Nextflow: System for creating scalable, portable, reproducible workflows

40 saikatsg 9 7/16/2025, 5:30:52 AM github.com ↗

Comments (9)

_Wintermute · 3h ago
The choice of groovy was unfortunate, but yet it still seems more popular than snakemake which I can only attribute to the nf-core set of curated workflows.

I have a dislike of nextflow because it submits 10s of thousands of separate jobs to our HPC scheduler which causes a number of issues, though they've now added support for array jobs which should hopefully solve that.

samuell · 26m ago
To implement an efficient dataflow-based programming API/DSL, you better have some support for channels and lightweight threads in a scriptable language, something that you've got in Groovy with the GPars library that Nextflow uses.

We opted for implementing all of this in Go in SciPipe, where we get similar basic dataflow/flow-based functionality as Nextflow with the native concurrency primitives of Go, but the Go syntax probably/surely puts away some biologists who have written some python at most before, and Go won't let us customize the API and hide away as much of the plumbing under nice syntax, as Groovy.

In this regard, Groovy with the GPars library for the concurrency, doesn't seem as a particularly bad choice. There weren't that many options at the time either.

The downside has been tooling support though, such as editor intelligence and debugging support, although parts of that is finally improving now with a NF language server.

Today, one could probably implement something similar with Python's asyncio and queues for the channel semantics, and there is even the Crystal language that has Go-like concurrency in a much more script-like language (see a comparison between Go and Crystal concurrency syntax at [1]), but Crystal would of course be an even more fringe langauge than Groovy.

[1] https://livesys.se/posts/crystal-concurrency-easier-syntax-t...

armedgorilla · 3h ago
At a previous Biotech, we used Cromwell/WDL because the DSL was the most intuitive to our bioinformatics scientists. But seeing as that doesn't work as nicely on AWS (and is also supported by an organization that is imploding), we opted for Argo on our K8s cluster to process RNAseq data en masse. Getting the scientists to use YAMl has been an uphill struggle, but the same issues would apply to learning groovy I guess. We've found that the Argo engine is easier to maintain, and also we only have to support one orchestrator across our Bioinformatics and ML teams.

For industrial purposes, I've started to approach these pipelines as a special case of feature extraction and so I'm reusing our ML infrastructure as much as possible.

totalperspectiv · 2h ago
I would rather write Groovy than YAML any day of the week.

Why did you rule out Nextflow or Snakemake? I believe they both work with k8 clusters.

Argo doesn’t look great from my standpoint as a workflow author.

totalperspectiv · 5h ago
Cool seeing a workflow language pop up on HN!

Nextflow and Snakemake are the two most-used options in bioinformatics these days, with WDL trailing those two.
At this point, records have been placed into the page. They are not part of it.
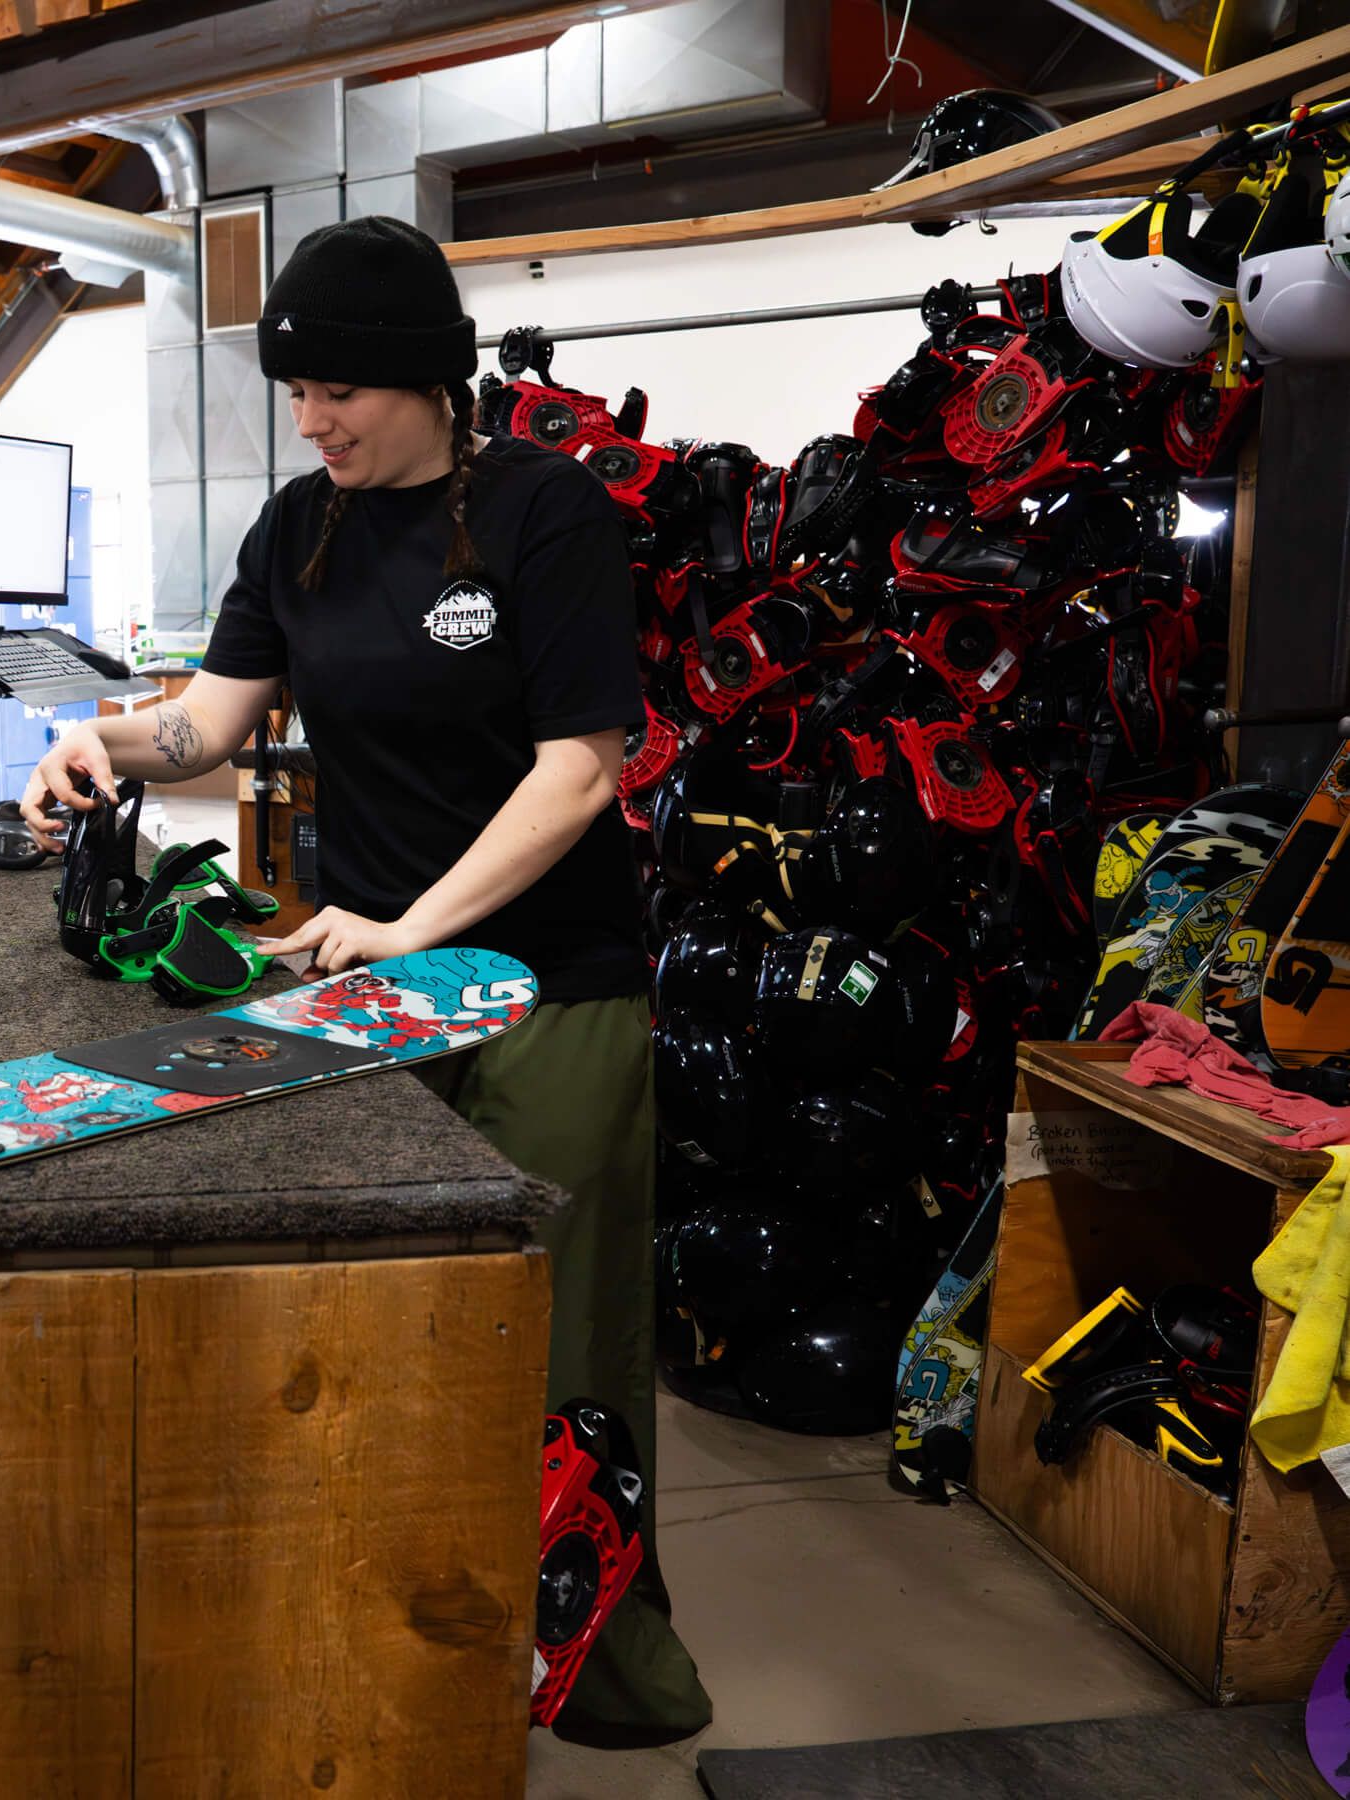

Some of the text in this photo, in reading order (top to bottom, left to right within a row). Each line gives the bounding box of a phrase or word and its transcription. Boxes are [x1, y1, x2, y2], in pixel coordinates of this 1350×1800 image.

[433, 609, 493, 622] SUMMIT
[435, 622, 490, 636] CREW
[829, 844, 842, 883] HEAD
[1026, 1124, 1082, 1142] Broken
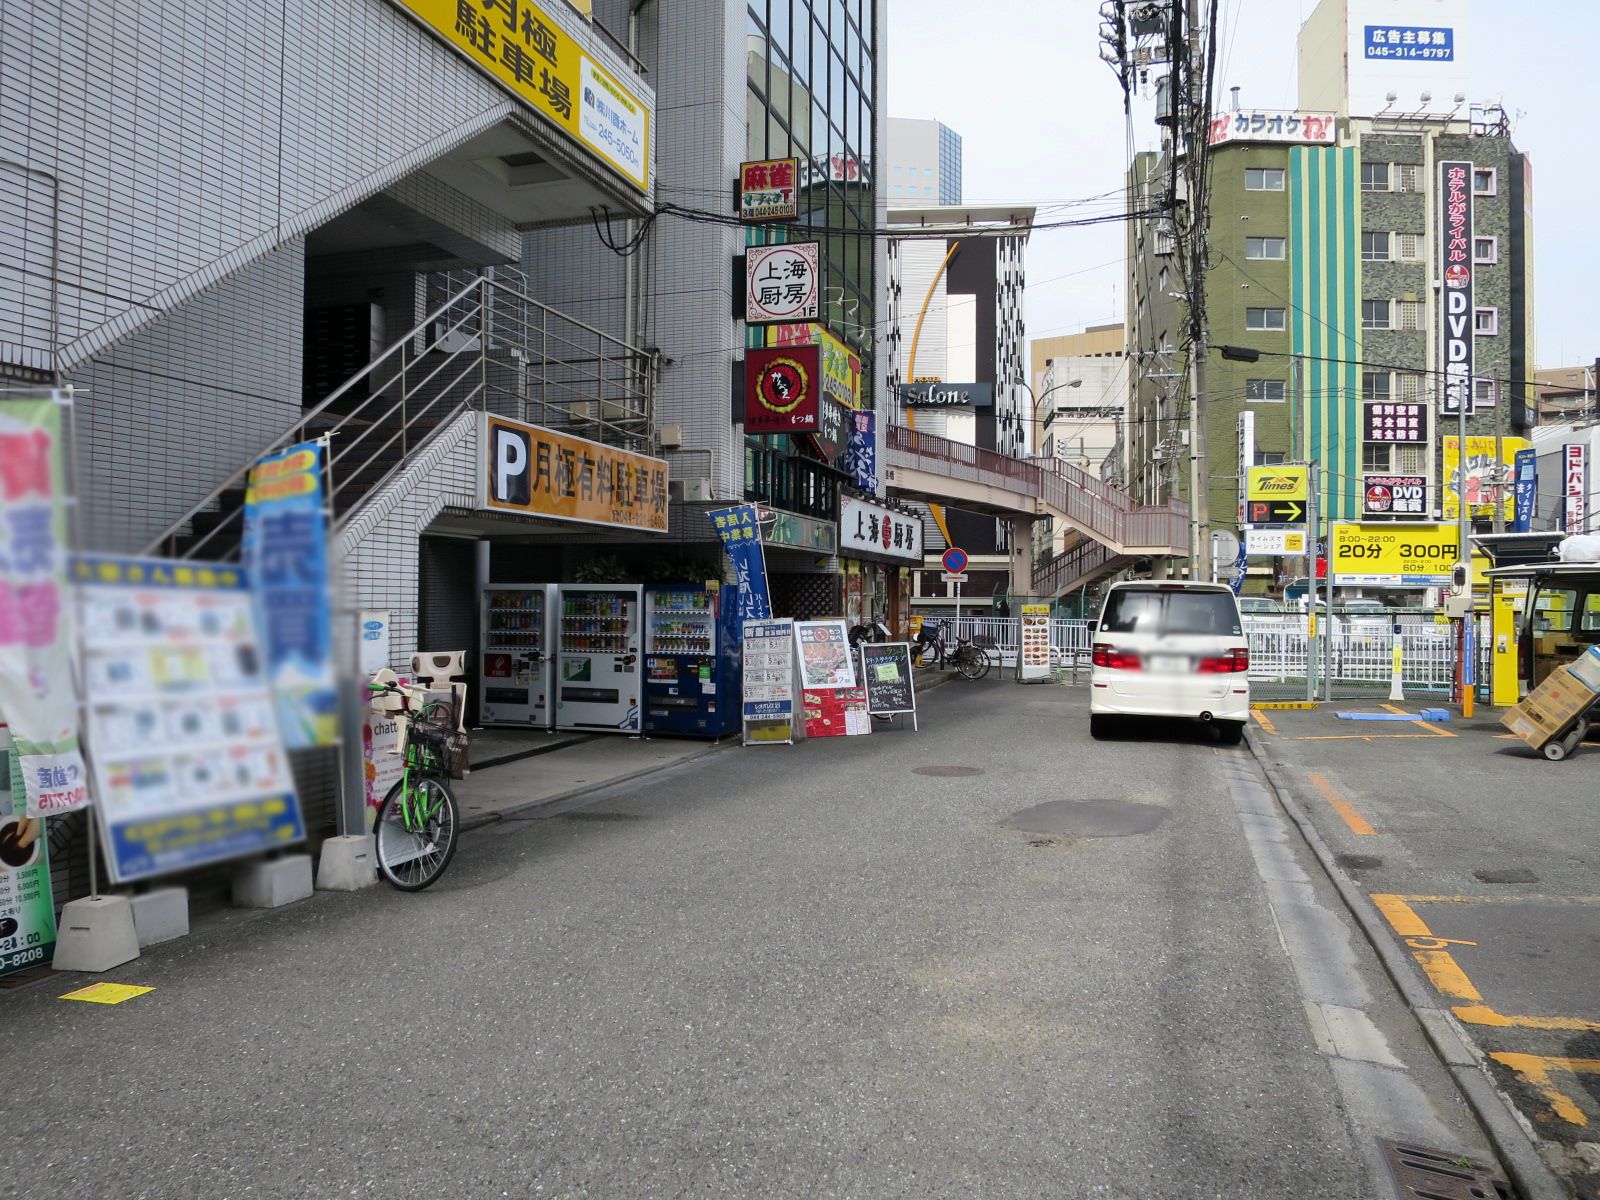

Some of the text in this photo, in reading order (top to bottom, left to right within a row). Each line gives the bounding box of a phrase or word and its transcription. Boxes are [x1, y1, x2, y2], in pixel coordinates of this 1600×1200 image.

[1372, 29, 1446, 45] 広告主募集
[455, 0, 572, 120] 駐車場
[1368, 46, 1451, 58] 045-314-9797
[744, 163, 793, 190] 麻雀
[1448, 167, 1467, 262] ホテルがライバル
[758, 259, 807, 281] 上海
[758, 283, 807, 305] 厨房
[802, 307, 816, 316] 1F
[906, 385, 970, 405] Salone
[1372, 405, 1419, 415] 個別空調
[1372, 417, 1419, 428] 完全個室
[1372, 429, 1419, 440] 完全防音
[498, 430, 666, 514] P 月極有料駐車場
[1568, 446, 1582, 496] ヨドバシ
[1258, 477, 1299, 491] Times
[1392, 486, 1423, 499] DVD
[1253, 503, 1268, 522] P
[853, 510, 880, 544] 上海
I really wish Nextflow was based on Scala and not Groovy, but so it goes.

There is a Draft up for dsl3 that adds static types to the channels that I’m very excited about. https://github.com/nf-core/fetchngs/pull/309

azan_ · 2h ago
I've used Snakemake my whole life, can someone experienced with both systems share whether jumping to nextflow is worth it?
Protostome · 1h ago
I have pipelines written in both frameworks. Nextflow (despite the questionable selection of groovy as the language of choice) is more powerful and enables greater flexibility in terms of information flow.

For example, snakemake makes it very difficult if not impossible to create pipelines that deviate from a DAG architecture. In cases where you need loops, conditionals and so on, Nextflow is a better option.
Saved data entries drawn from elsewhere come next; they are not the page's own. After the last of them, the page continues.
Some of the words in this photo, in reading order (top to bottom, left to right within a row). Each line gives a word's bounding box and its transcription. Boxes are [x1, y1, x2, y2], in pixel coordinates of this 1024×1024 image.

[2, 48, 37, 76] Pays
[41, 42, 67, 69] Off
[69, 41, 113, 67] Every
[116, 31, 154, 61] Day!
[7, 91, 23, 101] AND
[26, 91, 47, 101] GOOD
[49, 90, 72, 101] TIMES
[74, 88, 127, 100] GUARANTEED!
One thing that I didn't like about nextflow is that all processes can either run under apptainer or docker, you can mix and match docker/apptainer like you do in snakemake rules.

chrisweekly · 33m ago
"you can mix and match"

you meant "CAN'T", right?

totalperspectiv · 2h ago
NF Tower / Seqera would be the selling points. They offer a nice UX for managing pipelines and abstract over AWS.

Technically snakemake can do it all. But in practice NF seems to scale up a bit better.

That said, if you don’t need the UI for scientists, I’d stick to snakemake.